Ruth lifted one eyebrow. “So are you, which means one of us should probably mind our own business.”

Benji snorted softly into his coffee. Ruth stepped inside and handed Elias the plate. “Blueberry muffins. I made too many again.”

“You always make too many.”

“That’s because you two eat them.”

She glanced toward Benji. “You look tired.”

“Thanks.”

“You’re welcome.”

The corners of her mouth twitched slightly. Ruth had lived beside them nearly twenty years. Long enough to remember Benji riding a tricycle down the sidewalk. Long enough to know exactly how many days had passed since Claire’s funeral without ever mentioning the number aloud. She never forced conversations about grief. Elias appreciated that. Some people treated loss like a wound that had to be inspected constantly. Ruth simply showed up with muffins, garden tomatoes, or quiet conversation about weather and neighborhood gossip. Somehow that helped more.

She moved toward the sink and looked out the kitchen window. “Your weeds are winning again.”

“They always win.”

“Claire would’ve never allowed this.”

The words settled gently into the room.
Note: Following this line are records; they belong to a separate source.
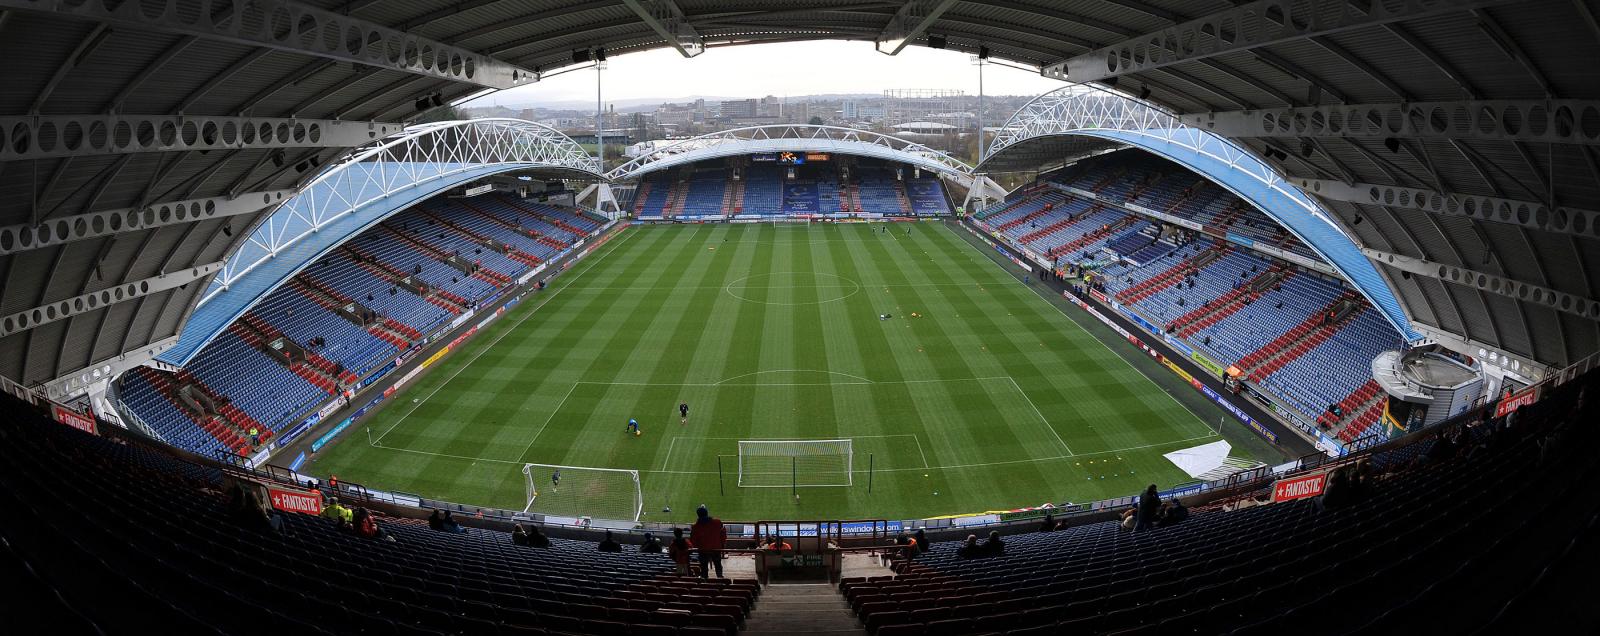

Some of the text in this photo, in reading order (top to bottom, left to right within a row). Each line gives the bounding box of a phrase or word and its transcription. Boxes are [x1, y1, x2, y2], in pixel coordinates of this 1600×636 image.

[1505, 393, 1533, 413] FANTASTIC
[65, 413, 93, 434] FANTASTIC
[1291, 415, 1310, 433] DISPLAY
[1285, 477, 1322, 497] FANTASTIC
[281, 493, 318, 512] FANTASTIC
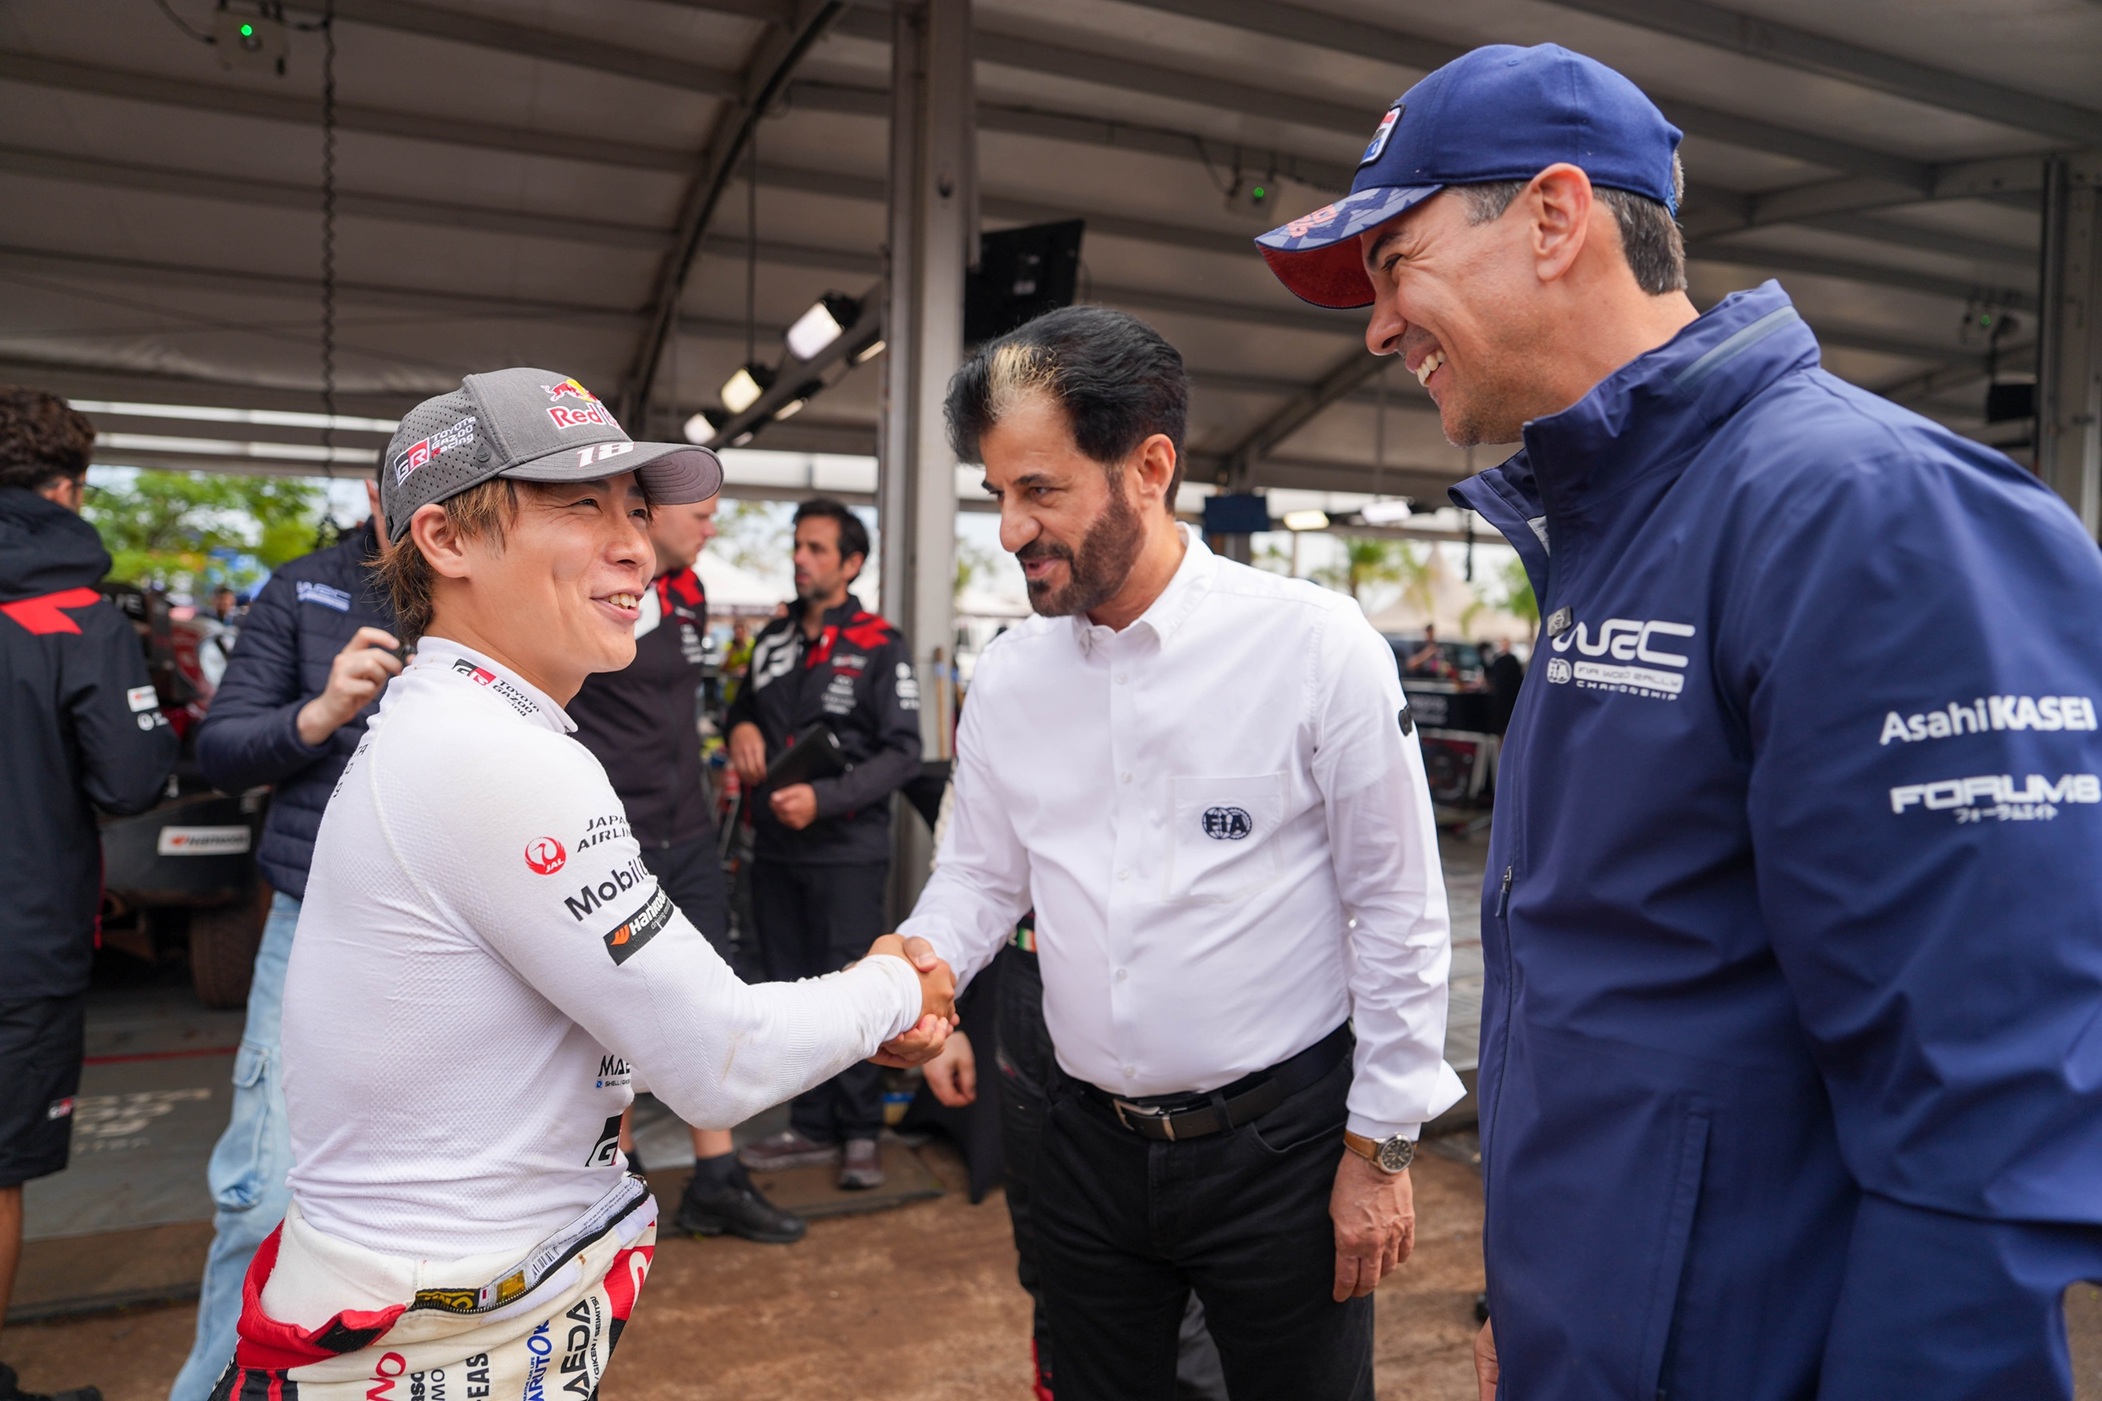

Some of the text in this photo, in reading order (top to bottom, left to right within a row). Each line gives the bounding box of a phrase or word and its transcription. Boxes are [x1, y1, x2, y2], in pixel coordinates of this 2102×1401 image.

[431, 416, 476, 442] TOYOTA
[547, 402, 606, 429] Red
[431, 424, 474, 450] GAZOO
[431, 433, 474, 458] Racing
[396, 442, 428, 483] GR
[577, 441, 634, 469] 18
[1552, 618, 1696, 668] WRC
[492, 684, 533, 713] GAZOO
[500, 680, 540, 712] TOYOTA
[1889, 773, 2102, 815] FORUM8
[586, 815, 629, 832] JAPA
[1205, 812, 1249, 834] FIA
[545, 858, 565, 873] JAL
[629, 888, 668, 936] Hankoo
[560, 1299, 591, 1399] AEDA
[466, 1352, 490, 1399] EAS
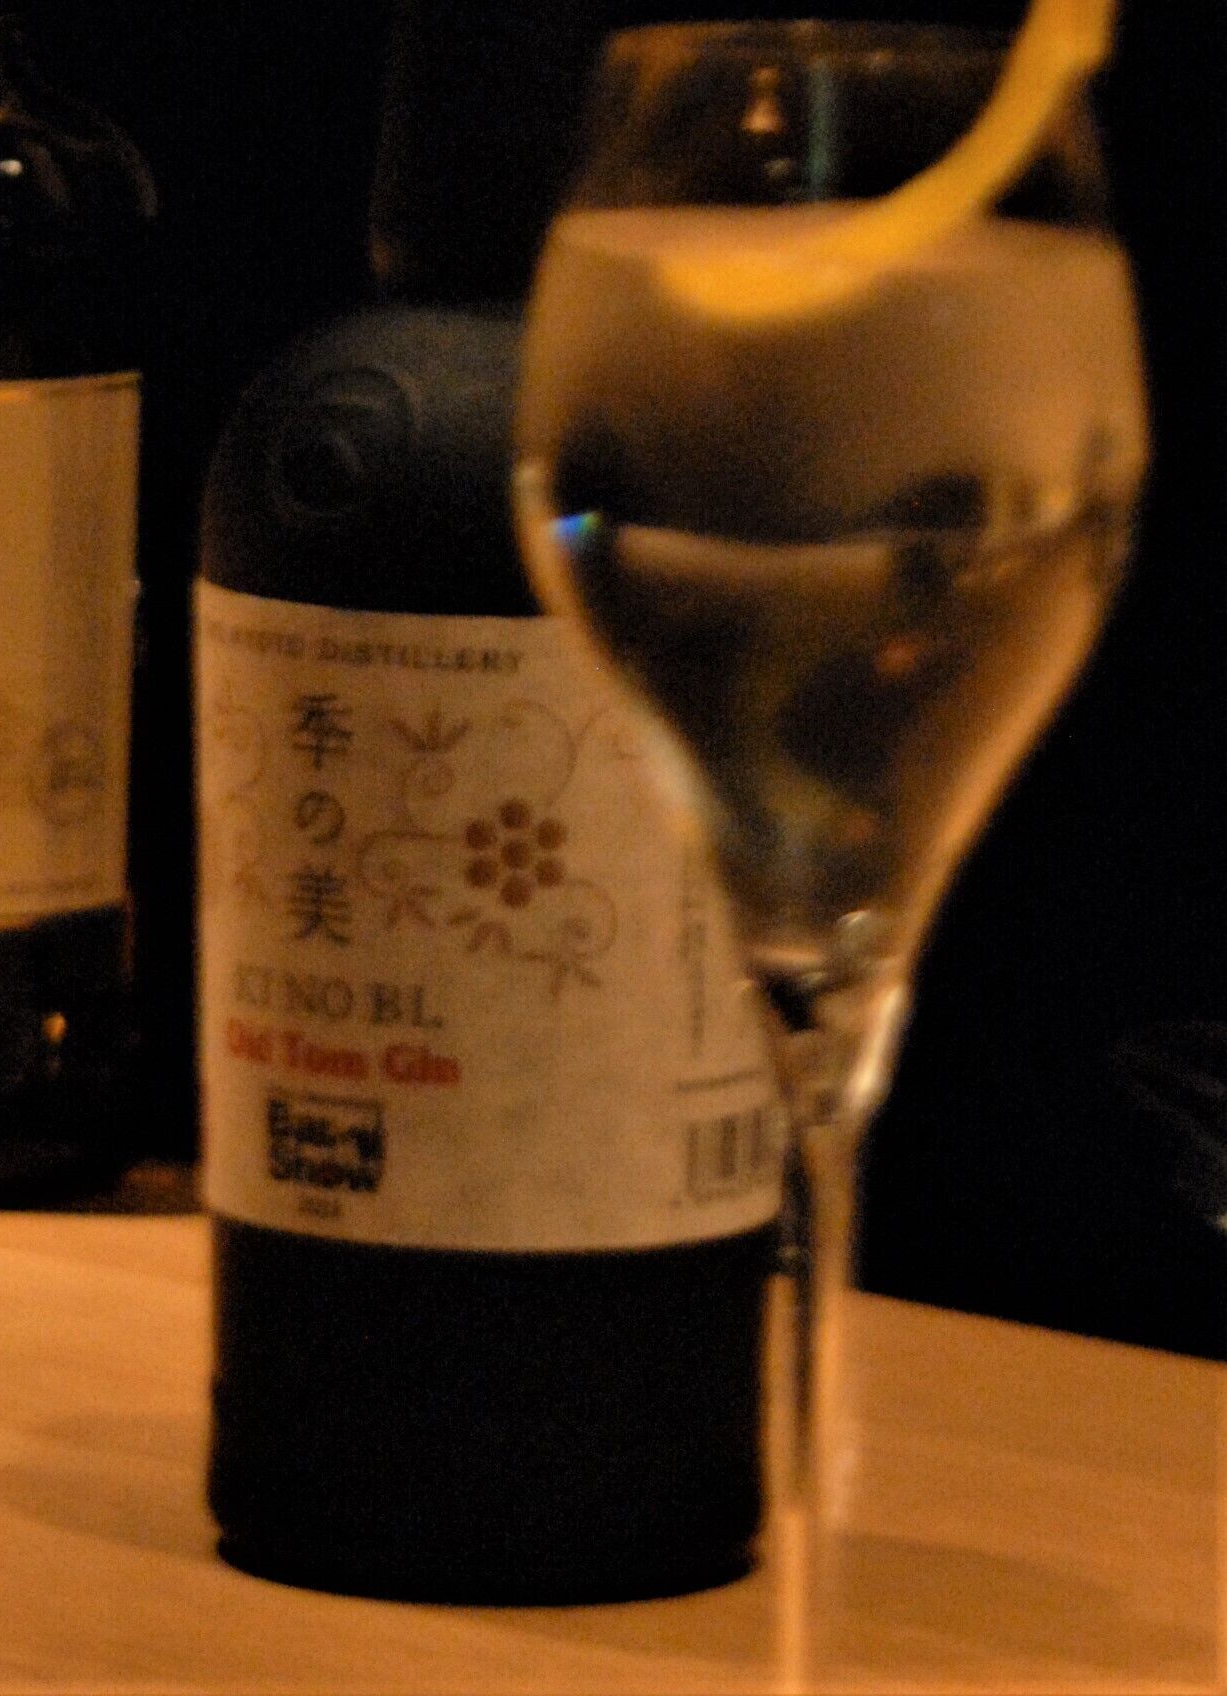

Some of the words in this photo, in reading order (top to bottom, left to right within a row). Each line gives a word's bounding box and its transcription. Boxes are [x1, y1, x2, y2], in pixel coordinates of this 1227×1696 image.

[316, 637, 525, 674] DISTILLERY
[290, 693, 355, 949] 季の美
[284, 971, 355, 1020] NO
[380, 1042, 463, 1086] Gin
Not sharp. Not cruel. Just true. Benji lowered his eyes toward the coffee mug. Elias looked out toward the backyard where tall grass leaned against the fence beneath the early morning breeze. Claire had loved that yard. Every spring she filled it with flowers planted in careful rows around the edges of the house. Yellow daisies. Coneflowers. Lavender near the porch steps. Now weeds pushed through the flowerbeds unchecked. He kept meaning to fix it. Meaning to do a lot of things, really.

“I’ll mow this weekend,” Elias said finally.

Ruth gave him a look that suggested she did not believe him for one second. “Well,” she said, heading back toward the door, “if the two of you survive your coffee and mechanical disasters today, come over tonight. I made enough roast beef to feed an army.”

“We’ll think about it,” Elias answered.

“That means no.”

“It means maybe.”

“It means you’ll both sit in this house all evening avoiding other human beings unless someone forces you not to do that.”

Benji smiled despite himself. Ruth pointed toward him immediately. “There. See? The boy still remembers how.” Then she stepped back onto the porch and disappeared into the soft morning light.

The kitchen fell quiet again after the screen door clicked shut. Benji tore off a piece of muffin and stared out toward the garage.

“You gonna work today?”

“Half day.”

“You mind if I keep working on the truck?”

“As long as nothing explodes.”

“No promises.”

Elias watched him carefully for a moment. Sixteen. Some days Benji still looked like a boy. Other days Elias caught glimpses of the man he was becoming and felt completely unprepared for it. Claire would have known what to say during moments like this. That thought arrived suddenly and painfully.

He missed her most in the ordinary spaces. Not holidays. Not anniversaries. Mornings like this. Coffee brewing. Benji half awake. Sunlight slowly finding the kitchen window. Life continuing whether they were ready for it or not.

Outside, dawn finally began to spread across the neighborhood, washing pale gold light over rooftops, fences, and quiet streets as the town slowly woke around them.